13. En statuant ainsi, alors que la recevabilité des recours entre les constructeurs ou leurs assureurs ne dépend pas de celle de l'action en responsabilité décennale du maître de l'ouvrage ou de l'assureur dommages-ouvrages à leur encontre, la cour d'appel a violé les textes susvisés.

Portée et conséquences de la cassation

14. Après avis donné aux parties, conformément à l'article 1015 du code de procédure civile, il est fait application des articles L. 411-3, alinéa 2, du code de l'organisation judiciaire et 627 du code de procédure civile.

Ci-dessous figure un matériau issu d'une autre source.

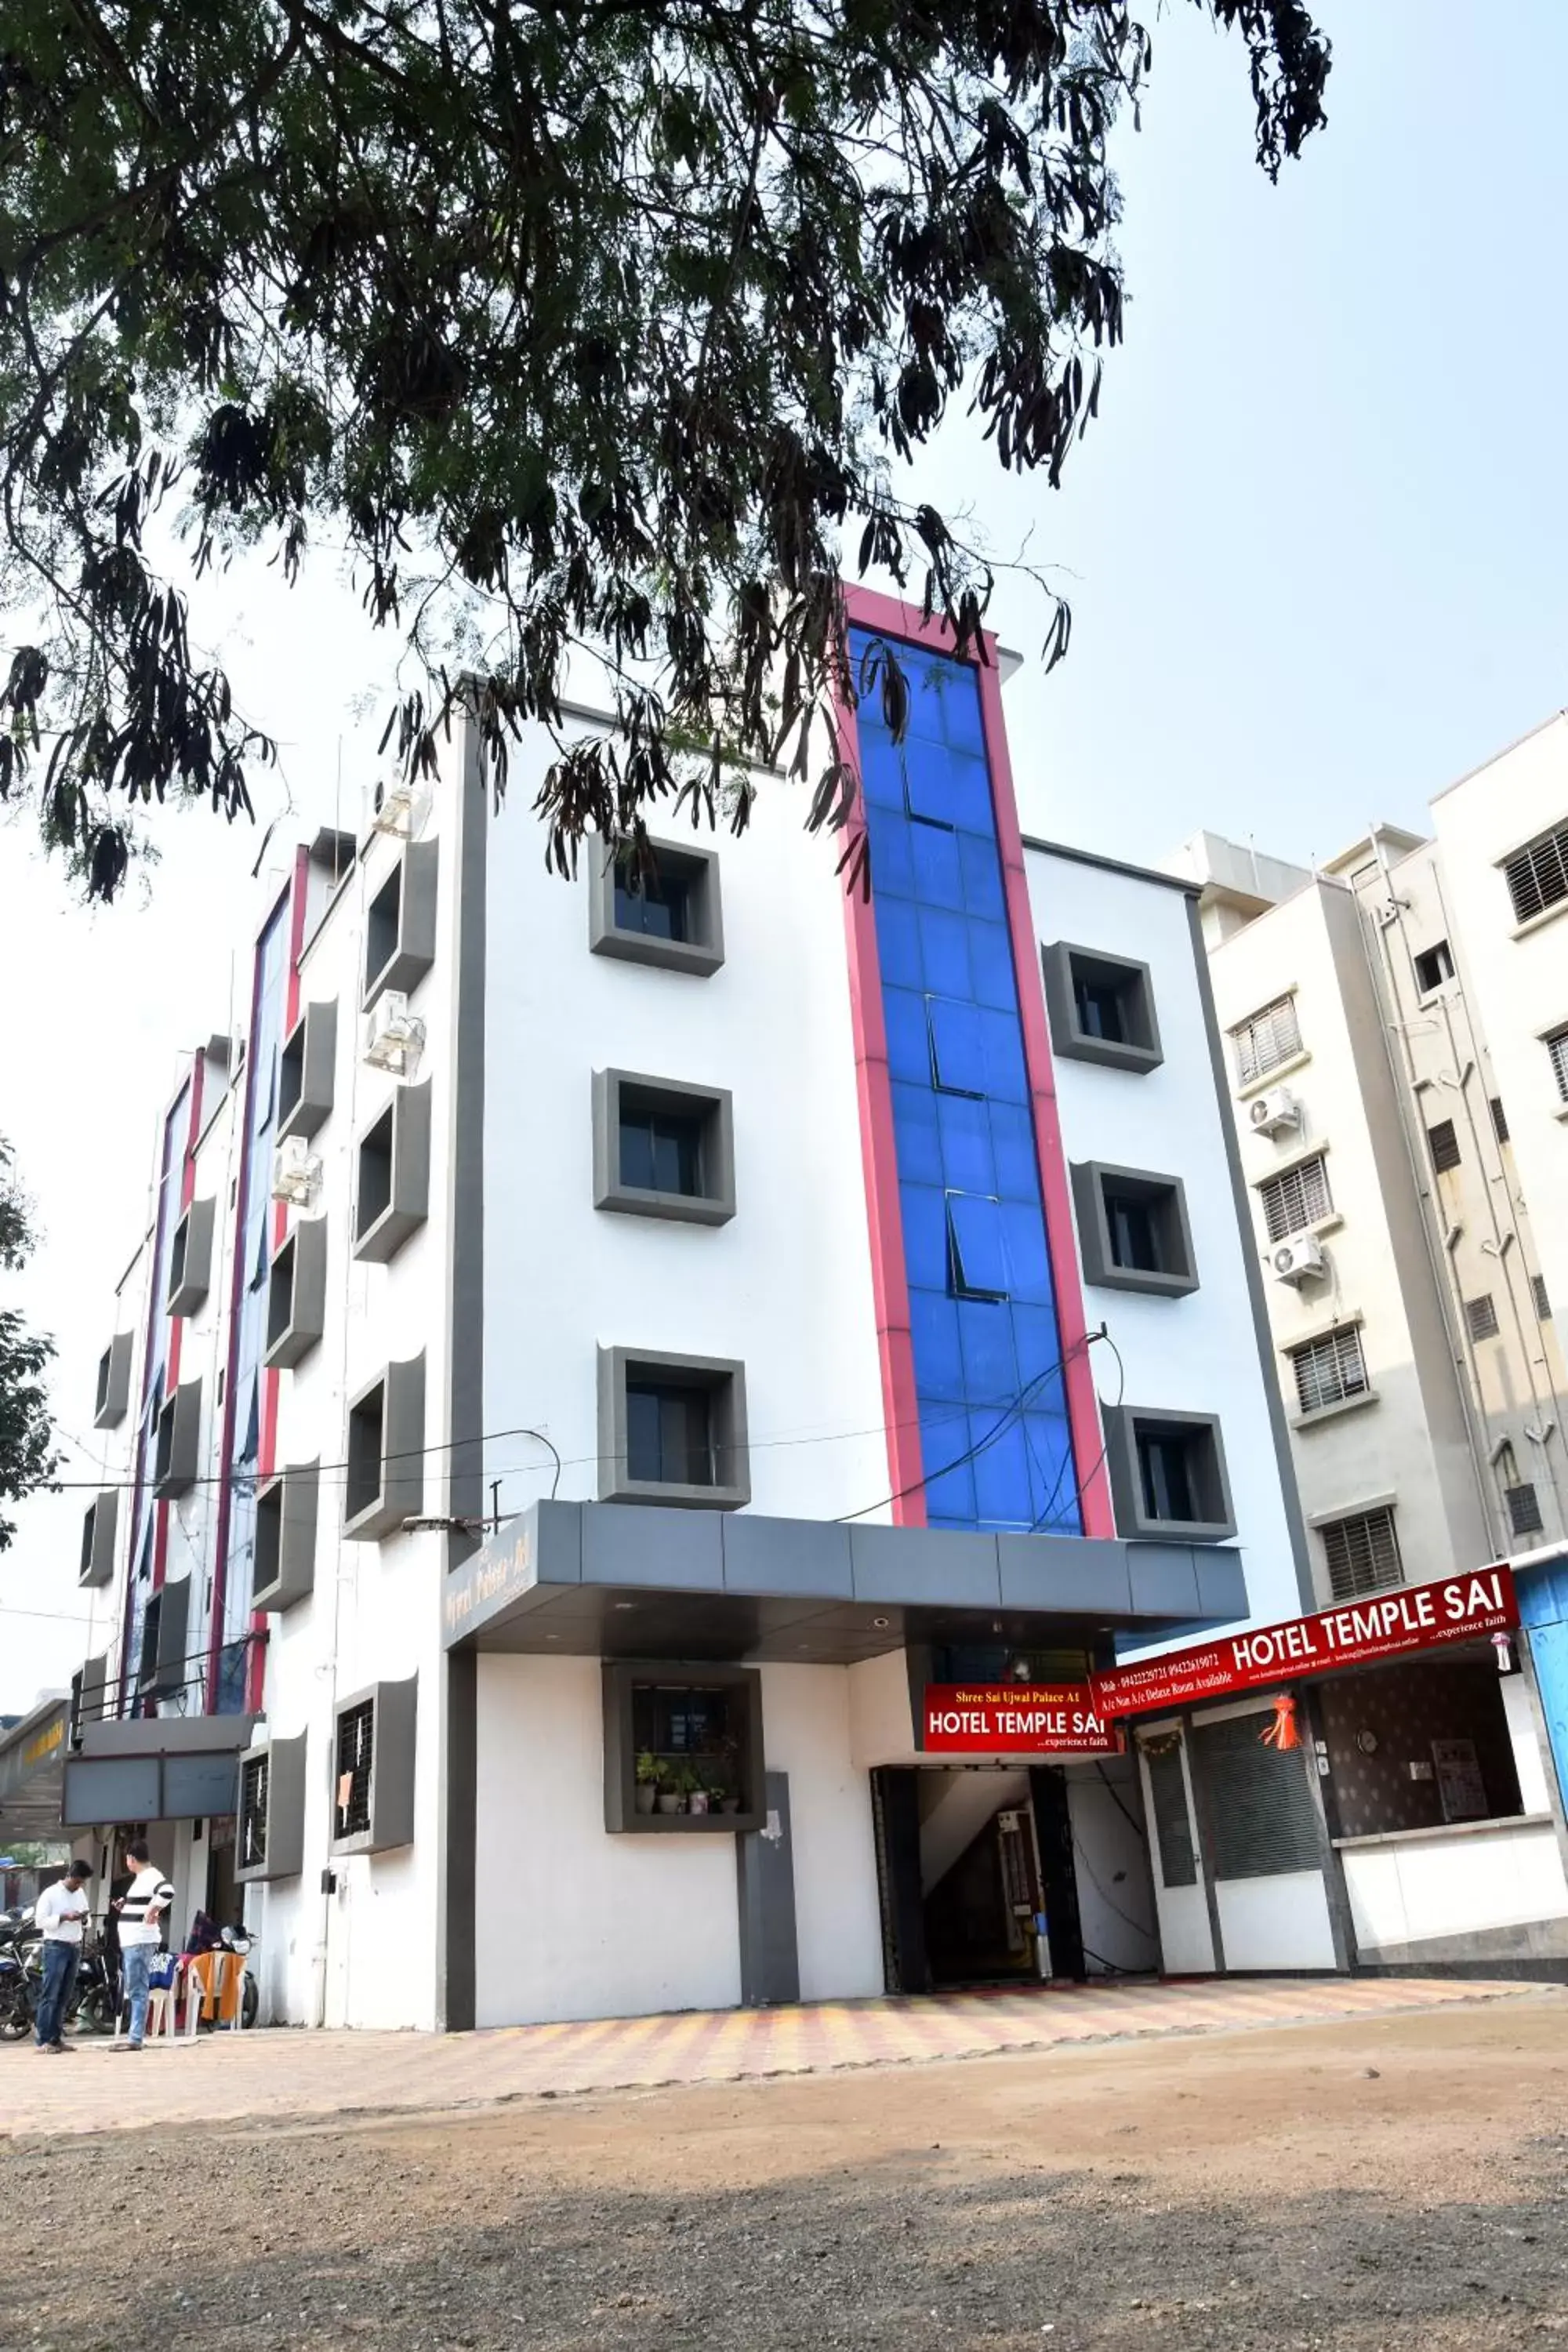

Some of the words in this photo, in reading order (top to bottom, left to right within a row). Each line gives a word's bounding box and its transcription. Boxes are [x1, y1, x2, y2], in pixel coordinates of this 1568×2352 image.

15. L'intérêt d'une bonne administration de la justice justifie, en effet, que la Cour de cassation statue au fond.

16. Il résulte de ce qui précède que la société Axa, assureur dommages-ouvrages, n'ayant pas exercé une action tendant à la reconnaissance d'un droit, tant au fond que par provision, le délai de prescription quinquennal auquel est soumis le recours de la société Architecture Mathieu Puig à l'encontre de la société Allianz, assureur de la société Saleilles construction n'a pas commencé à courir.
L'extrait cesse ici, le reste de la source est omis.